11 Responses to Jo’burg, We Have a Problem

  1. Hi- Thanks for this! It’s great to hear Sonny Fortune in this context and A/B his playing with the work he does on Agharta/Pangaea.

    PB

  2. I’m not much of a collector, and don’t own Pangaea, but as it happens as I had just started listening to the stream of my favorite local radio show, Chocolate City, and the first sound is a lengthy extract from it…anyways I know Fortune mainly from Tyner’s Sahara, and I can’t imagine anybody considering him 2nd tier after hearing that.
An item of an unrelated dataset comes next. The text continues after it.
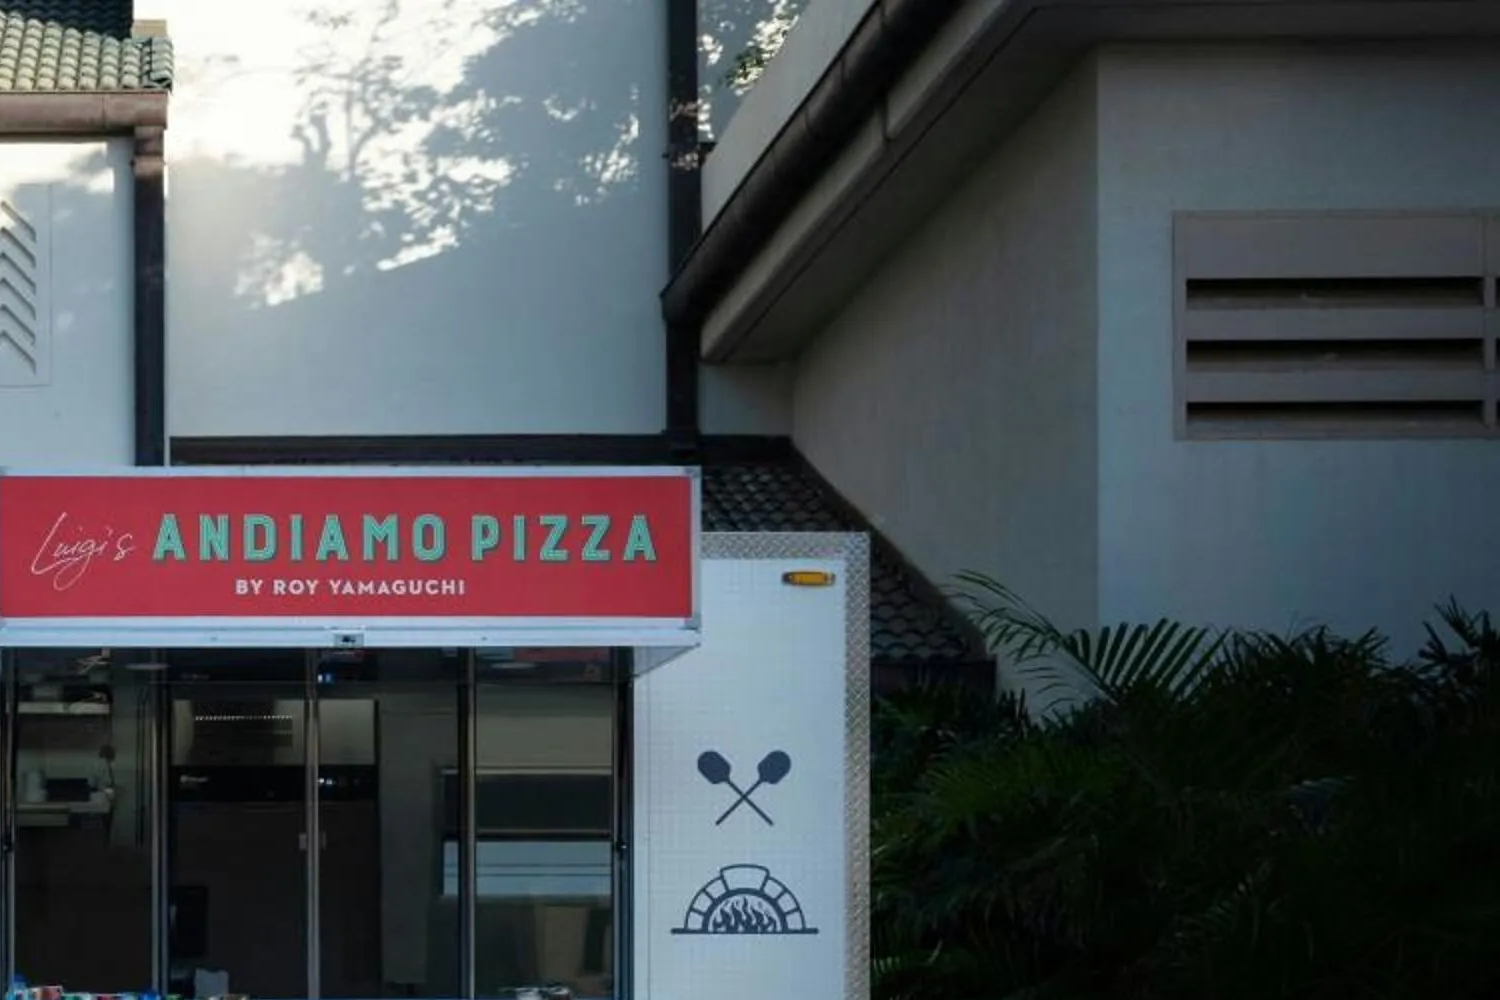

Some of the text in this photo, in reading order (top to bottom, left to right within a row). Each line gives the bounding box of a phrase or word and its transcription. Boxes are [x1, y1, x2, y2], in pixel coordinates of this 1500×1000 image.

  3. The other day, I left the office to get lunch, and WKCR was playing selections from the Carlos Ward discography. When I tuned in, it was near the end of Jabulani; when the whole band comes back in at the end, I lost it. I was in tears, weeping at the beauty of this music. I had to take the long way back to the office so that I didn’t look like a complete crackhead. Point is, everyone should go get a copy of African Space Program. Especially if you’ve heard Ibrahim’s later things and been non-plussed.

  4. Yeah, I find this much more interesting than the other Brand stuff I’ve heard.

  5. This was the first Ibrahim (then Brand) I ever heard. I was in the Harvard Coop, fall of ’74, browsing the jazz area. The heads of each section at the time rotated PA rights and the jazz guy, a tall fellow with frizzy blond hair who turned me on to many albums, would aggravate the rest of the store by insisting on playing the most raucous free jazz. One day this was booming over the speakers and I was stunned. Became a huge fan instantly.

    All of the Ibrahim catalog on Enja from that period is excellent (especially the first duo with Dyani which I think you guys have previously featured here). In fact, anything of his up to the mid 70s is a safe bet; check out the solo stuff on Japo (“African Piano”!) if you can. He gets sketchier, for my taste, after 1980 or so but….

  6. Wow! I don’t have this one. But it brings back to memories many nights spent in the mid/late 1980s at the old Sweet Basil checking out this band. When the rhythm section started to churning out that vamp, and Carlos Ward, John Stubblefield (and sometimes Sonny Fortune) got up out of their seats to take their solos – Watch out that you don’t get blown out of the club!

  7. I saw Ibrahim live in NYC a few weeks ago. Very nice.

  8. I haven’t heard very much of Carlos Ward’s playing, but the little I’ve heard is far from second-tier. Check out his work on Carla Bley’s Social Studies, especially on the pearl “Utviklingssang”.

  9. Ibrahim took this band on the road in 1973/1974 and I was fortunate to see African Space Program performed live at Joe Segal’s Jazz Showcase when it was in the basement spot at the corner of Rush & Oak streets. I don’t remember how many were in the band but they damn near outnumbered the audience. Standouts were Hamiet Bluiett, Carlos Ward, Cecil McBee, Cecil Bridgewater, Roy Brooks, Kiane Zawadi and of course Abdullah Ibrahim.

    I had heard a prototype of Tintiyana on the Elvin Jones date Midnight Walk, but I was not prepared for the way it was presented live–much like it is on the album. The band, a small orchestra really, played a brooding, swirling maelstrom, with Ibrahim at the helm, pounding out a dense percussive storm on the keyboard, swelling then receding then swelling again. At times he’d quiet the band by playing more and more softly and McBee would take over for a lengthy arco passage–then subtly but surely slipped into the joyous anthem that has become Ibrahim’s theme.

    Amazing. Brilliant. Still holds up well after all these years.

  10. any chance you could reup these tracks? i have been looking for/wanting to hear this record for a long time….

  11. Please reup this album? It’s impossible to find!